Trends in Japan

Now Diet Member, Seiko Hashimoto Returns to Active Competition

JULY 1, 1996

Atlanta Makes it Seven!
House of Councillors member Seiko Hashimoto was selected in mid-May to represent Japan at the 1996 Olympic Games in Atlanta, becoming the first serving member of the National Diet to compete in the Games.

The 31-year-old Hashimoto will compete in two cycling events: women's sprint and the 3,000 meters individual pursuit. For Hashimoto, this will be her seventh Olympic appearance, a record for a Japanese athlete.

Hashimoto was born in Hokkaido on October 5, 1964, five days before the opening of the Olympic Games in Tokyo. Her first Olympic appearance was as a speed skater at the 1984 Olympic Winter Games in Sarajevo.

In the Calgary Games in 1988 she placed sixth or better in all skating events she entered, and she won the bronze medal in the 1,500 meter event in Albertville in 1992, making her the first Japanese Olympic medal winner. In Lillehammer in 1994 she placed sixth in the 3,000 meters event.

As a cyclist, she competed in successive Olympic Games in Seoul in 1988 and Barcelona in 1992.

(Photo: Kyodo)

Combining Politics and Sport
Hashimoto was elected to the Upper House in July 1995 on the Liberal Democratic Party ticket. Since that time she has followed a rigorous schedule, combining her life as a Diet member and sportswoman.

While the Diet is in session, she rises every morning at 4 a.m. for two hours of cycling practice along the Tama River near her home. She arrives at the Diet at 8 a.m. for her various official duties there, including her responsibilities as a member of the Committee on Construction. In the evenings she applies herself to weight training.

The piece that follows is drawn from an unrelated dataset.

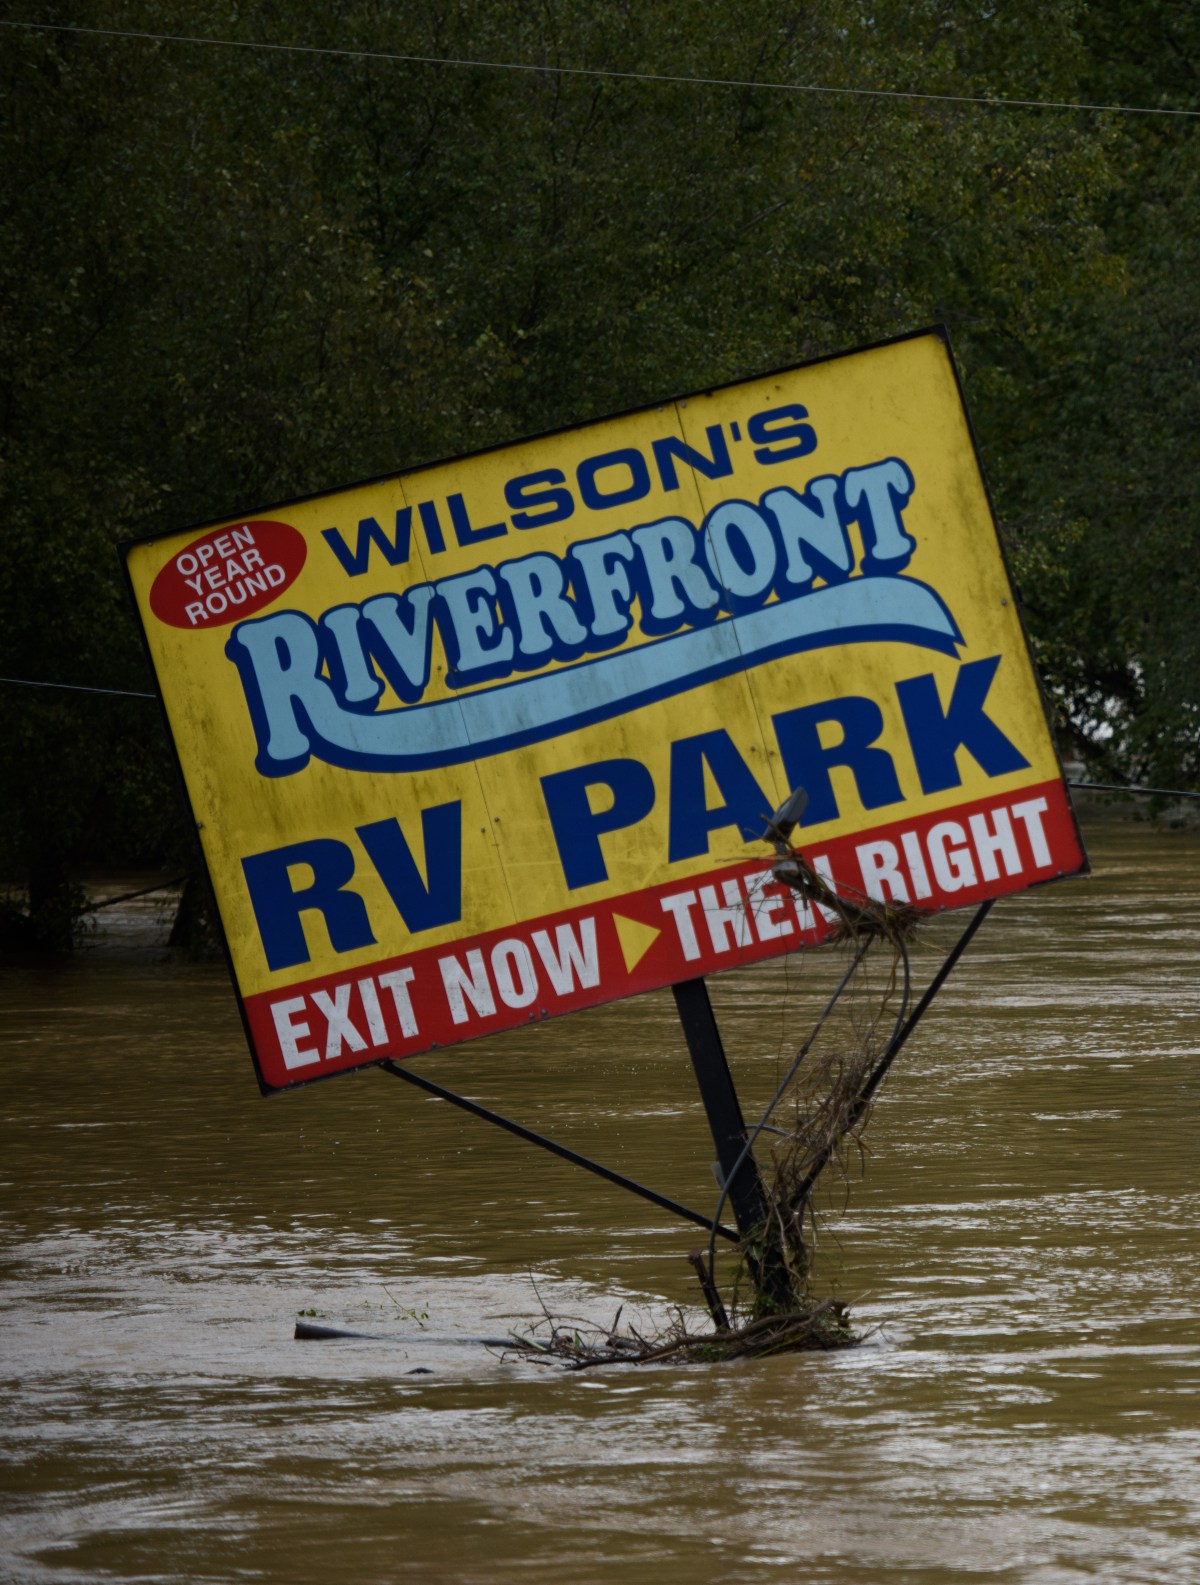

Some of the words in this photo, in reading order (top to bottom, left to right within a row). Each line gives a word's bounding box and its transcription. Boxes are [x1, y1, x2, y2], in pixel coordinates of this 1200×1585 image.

The current Diet session, convened in January this year, will continue until June 19. However if the session is extended, there is a possibility of an overlap with her Atlanta Games schedule. Hashimoto was vexed by this. "There were times I thought I should retire from Olympic competition." However, she has now resolved to compete.

"The promotion of sport and the development of welfare are my duties as a Diet member, so I rethought my stance. Now I believe I can achieve those objectives by continuing to compete."